No sábado aconteceu-me uma das minhas, como não podia deixar de ser. Fui às compras a um supermercado e tive que apanhar o metro, já que as coisas aqui perto são todas caríssimas. O metro aos fins de semana altera-se e tive que sair umas paragens acima. A questão é que a voltar do supermercado, toda carregada, me devo ter enganado na rua. Começo a reparar que sou a única branca ali no meio. Vejo nomes de lojas como "hair braiding saloon" e "african market". Começo a ficar desconfiada. Até que começa a aparecer o nome "harlem" nas lojas e tenho a minha confirmação. Foi uma caminhada engraçada. Nada perigosa, mas não a repetiria de noite.
Domingo fui tomar brunch. É um costume ao qual te habituas facilmente.
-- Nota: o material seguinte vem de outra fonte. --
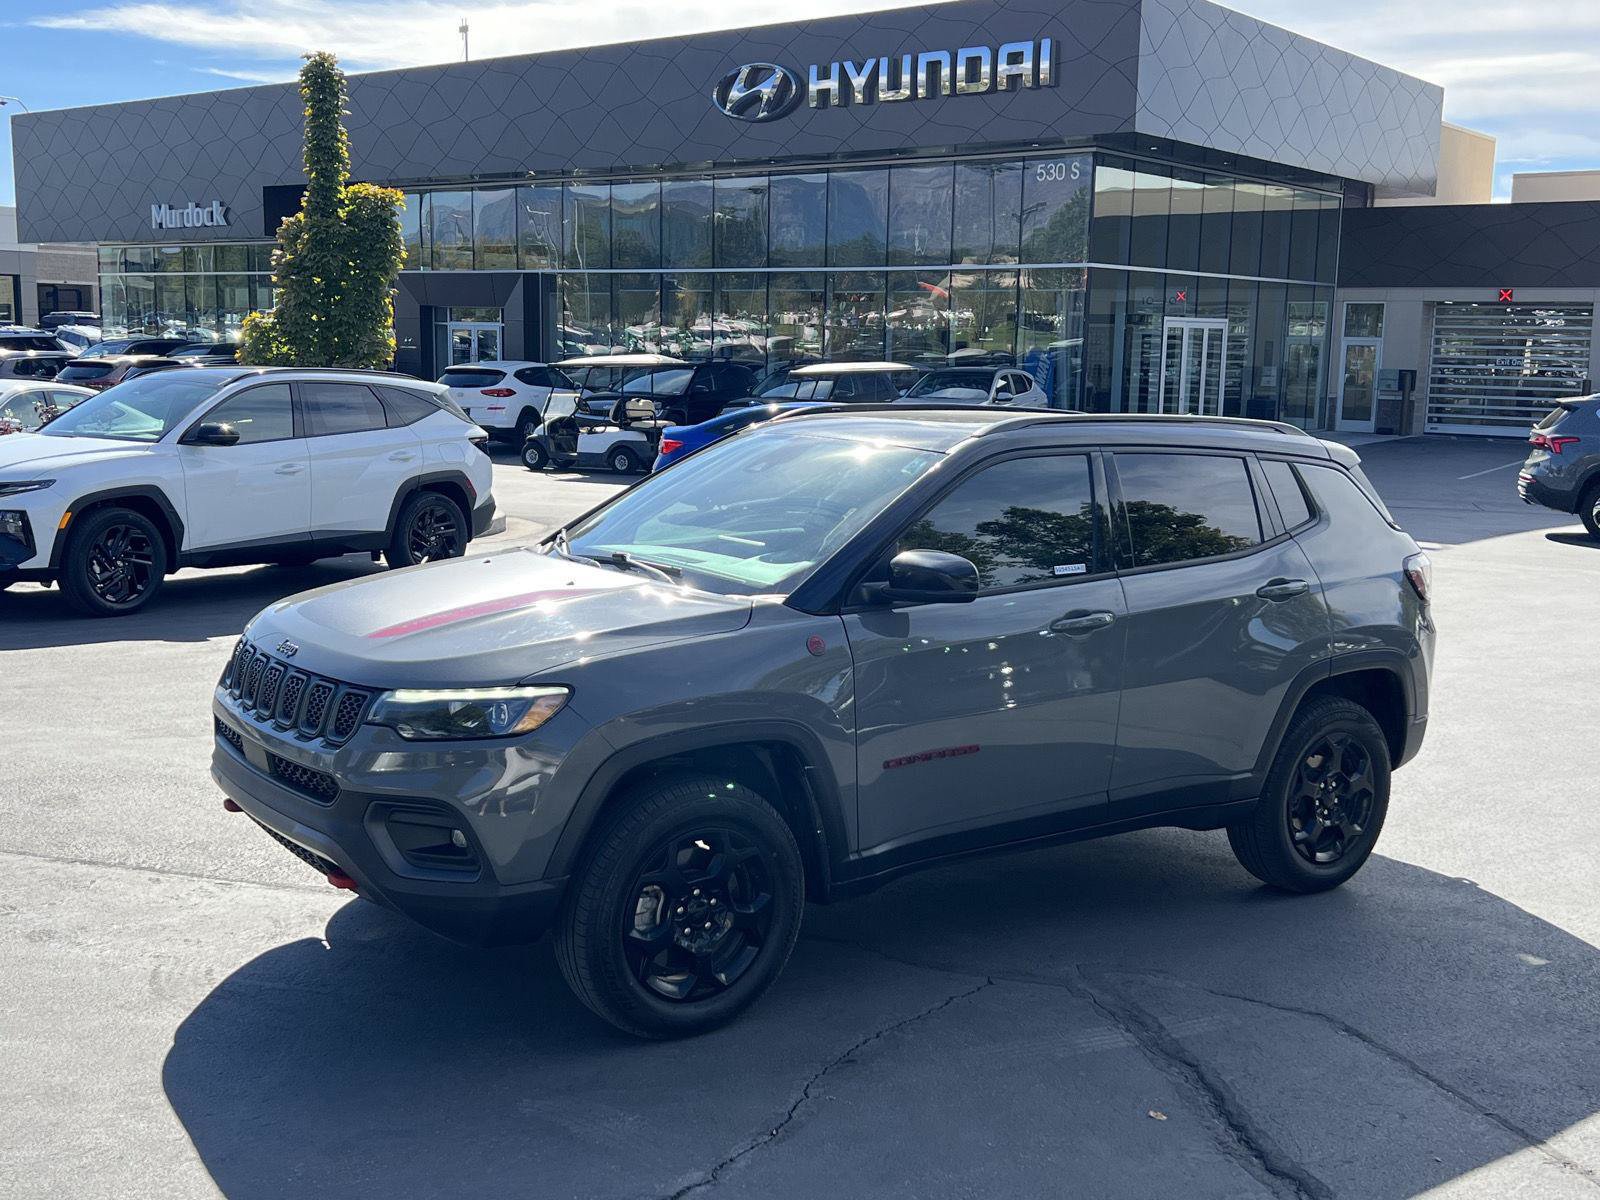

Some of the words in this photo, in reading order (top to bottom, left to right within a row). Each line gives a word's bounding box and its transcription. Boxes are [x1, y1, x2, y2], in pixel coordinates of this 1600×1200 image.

[809, 38, 1052, 108] HYUNDAI
[1036, 163, 1066, 181] 530
[1070, 162, 1080, 180] S
[151, 200, 228, 229] Murdock
[277, 639, 299, 658] Jeep
Comi umas french toasts de maçã, canela e chocolate branco e bebi uma limonada de menta (que se apelidava pelo nome fancy de yellow granita). Fui dar um bonito passeio por todos os edifícios emblemáticos da cidade, mas decidi deixar o turismo hard core para outra altura. Afinal de contas, ainda vou ficar aqui dois anos.
Passou exactamente uma semana, mas parece que foi mais.